The Relevance of Fluid and Blood Management Using Microcirculatory Parameters in Children Undergoing Craniofacial Surgery


KILIÇASLAN B., CANBAY Ö., Saylan A., AKINCI S. B., Tuncbilek G., Ince C.

JOURNAL OF CRANIOFACIAL SURGERY, cilt.33, sa.1, ss.264-269, 2022 (SCI-Expanded) identifier identifier identifier

  • Yayın Türü: Makale / Tam Makale
  • Cilt numarası: 33 Sayı: 1
  • Basım Tarihi: 2022
  • Doi Numarası: 10.1097/scs.0000000000008080
  • Dergi Adı: JOURNAL OF CRANIOFACIAL SURGERY
  • Derginin Tarandığı İndeksler: Science Citation Index Expanded (SCI-EXPANDED), Scopus, EMBASE, MEDLINE
  • Sayfa Sayıları: ss.264-269
  • Anahtar Kelimeler: Blood transfusion, craniofacial surgery, hemorrhage, indicators, microcirculation, pediatrics, MICROVASCULAR RESPONSE, CELL TRANSFUSION, SEVERE SEPSIS, IMPACT, TIME
  • Hacettepe Üniversitesi Adresli: Evet

Özet

Perioperative management of bleeding in children can be challenging. Microvascular imaging techniques have allowed evaluating the effect of blood transfusion on the microcirculation, but little is known about these effects in children. We aimed to investigate the effects of blood management using macro- and micro-hemodynamic parameters measurement in children undergoing craniofacial surgery. This is a prospective observational repeated measurement study including fourteen children. The indications for blood transfusion were changes of hemoglobin/hematocrit (Hct) levels, the presence of signs of altered tissue perfusion and impaired microcirculation images. Total and perfused vessel densities, proportion of perfused vessels, microvascular flow index, and systemic parameters (hemoglobin, Hct, lactate, mixed venous oxygen saturation, K+, heart rate, mean arterial blood pressure) were evaluated baseline (T1), at the end of the surgical bleeding (T2) and end of the operation (T3). Four patients did not need a blood transfusion. In the other 10 patients who received a blood transfusion, capillary perfusion was higher at T3 (13[9-16]) when compared with the values of at T2 (11[8-12]) (P < 0.05) but only 6 patients reached their baseline values.
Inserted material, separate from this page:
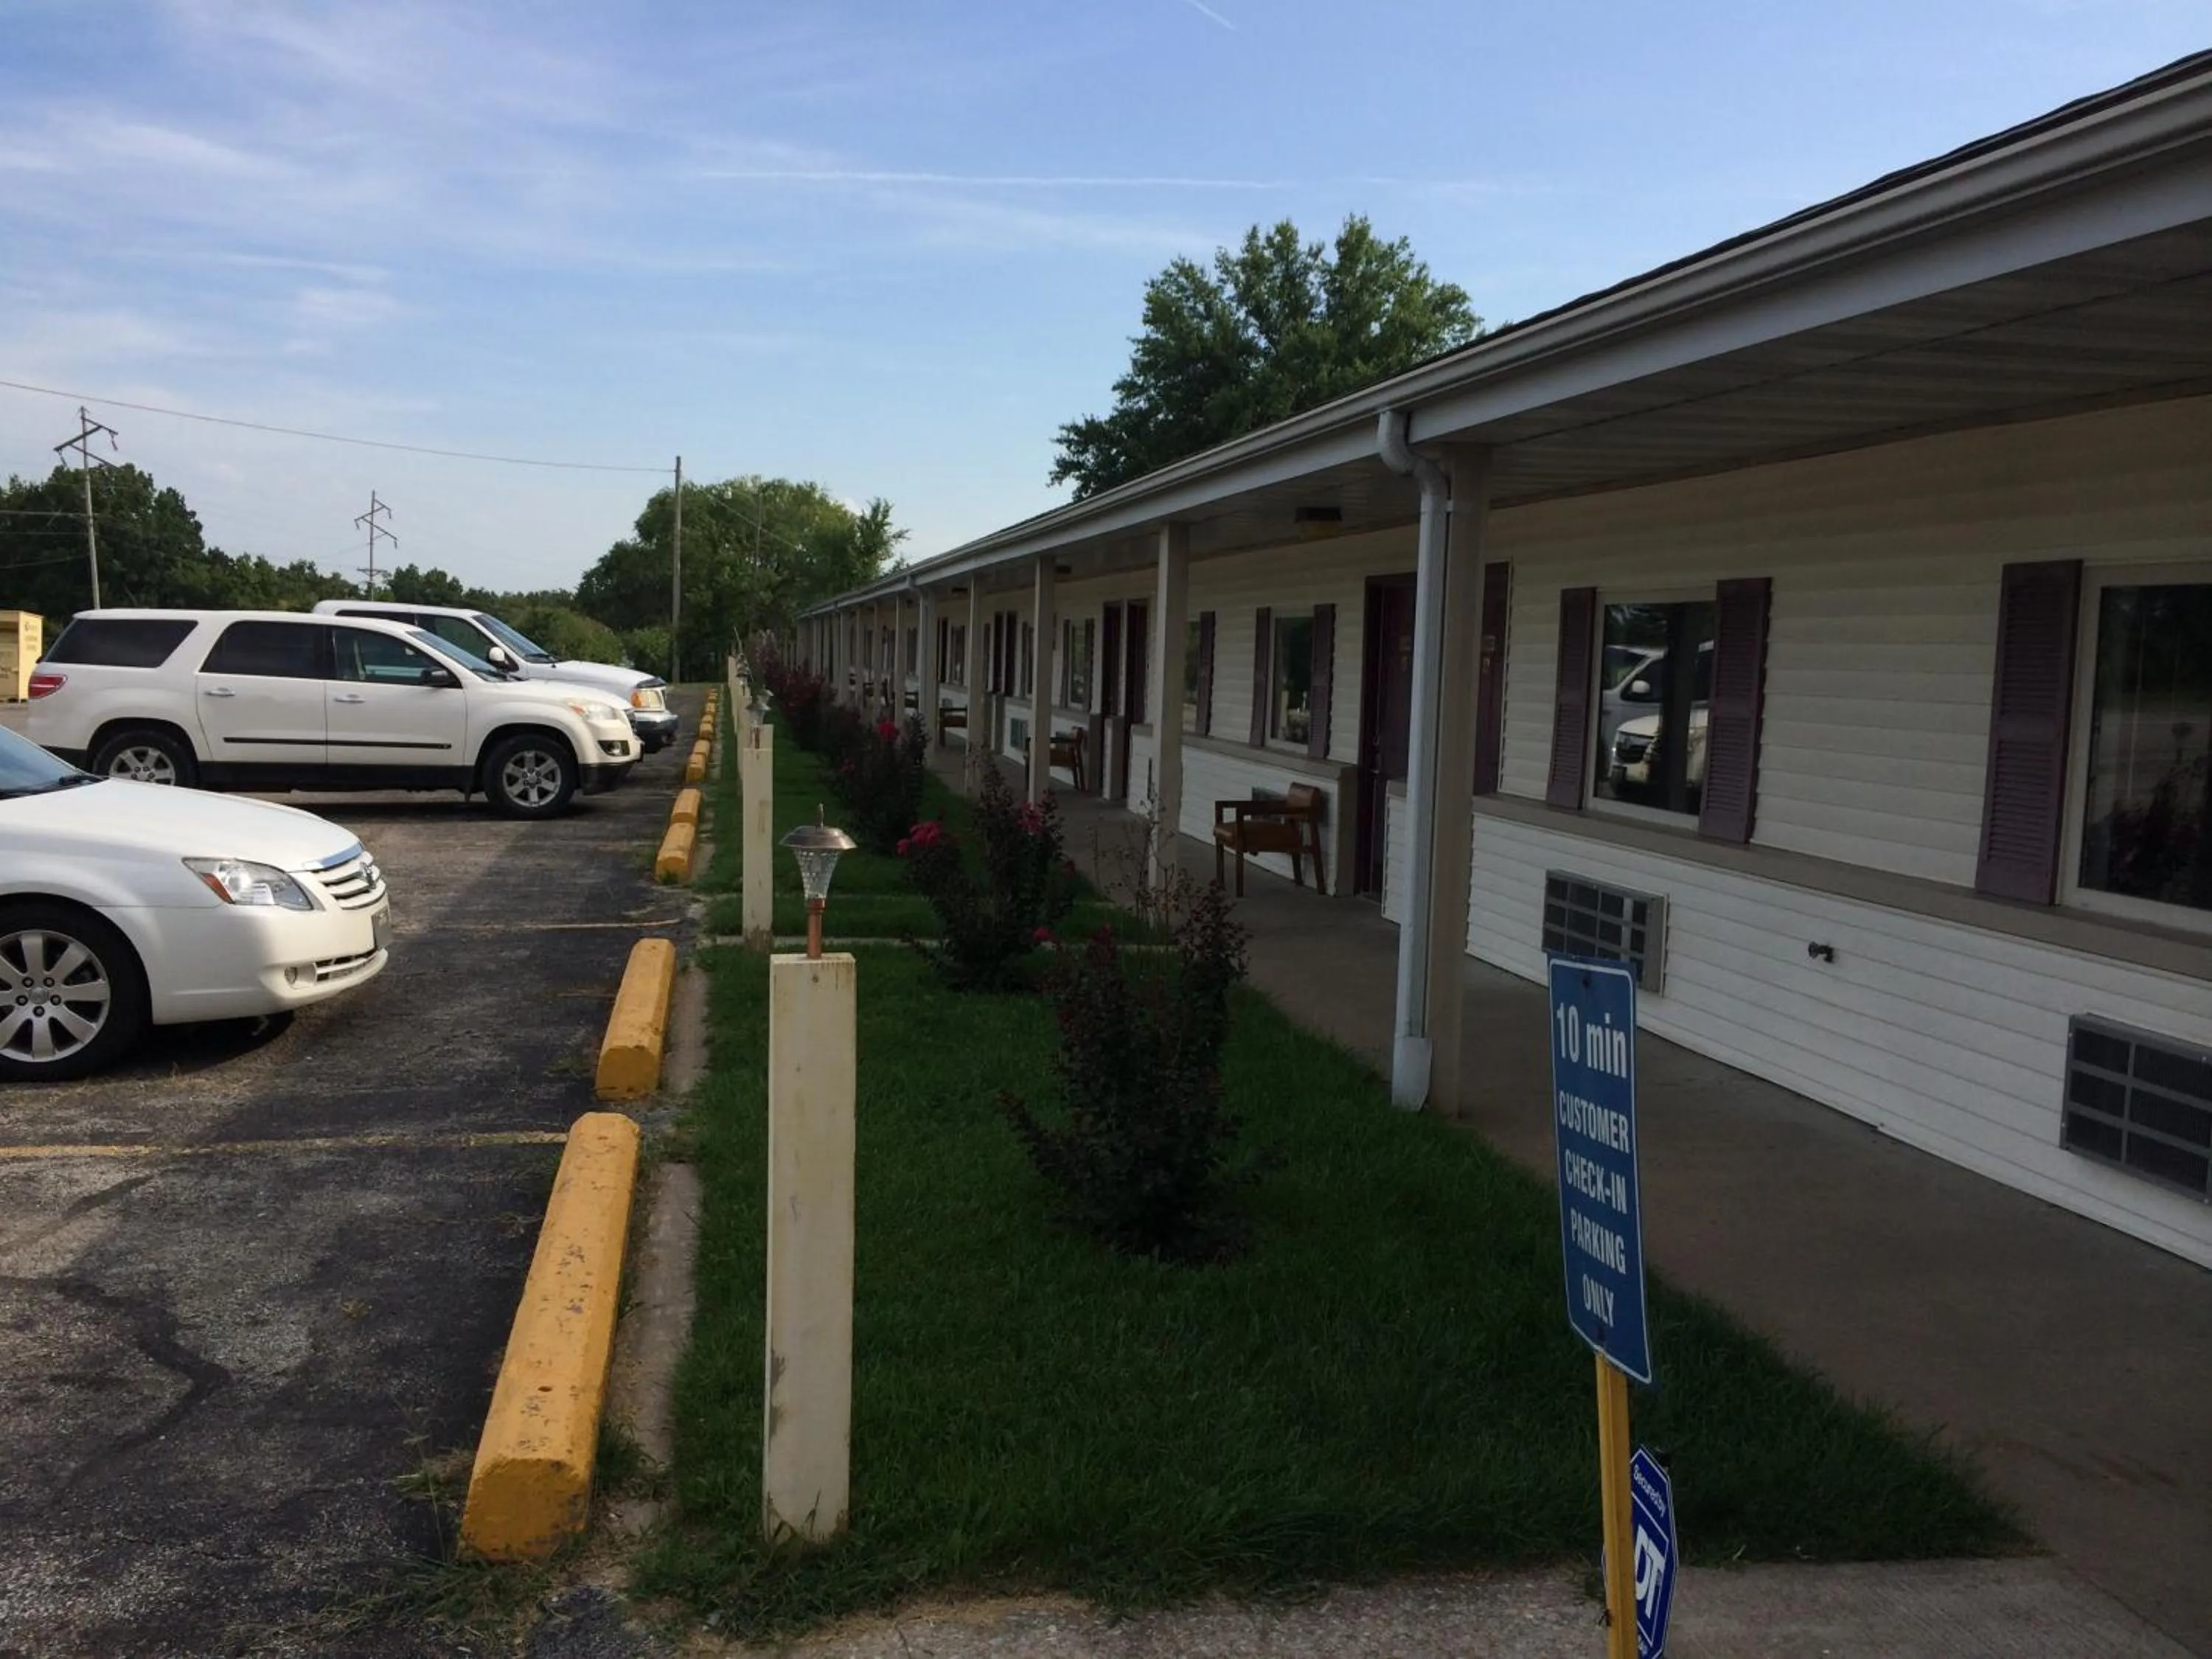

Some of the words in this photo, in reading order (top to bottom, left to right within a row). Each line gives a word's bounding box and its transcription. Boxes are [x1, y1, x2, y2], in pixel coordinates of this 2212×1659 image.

Although blood transfusions increased Hct values (17 +/- 2.4 [T2]-19 +/- 2.8 [T3]) (P < 0.05), there was no correlation between microvascular changes and systemic hemodynamic parameters (P > 0.05). The sublingual microcirculation could change by blood transfusion but there was not any correlation between microcirculation changes, hemodynamic, and tissue perfusion parameters even with Hct values. The indication, guidance, and timing of fluid and blood therapy may be assessed by bedside microvascular analysis in combination with standard hemodynamic and biochemical monitoring for intraoperative bleeding in children.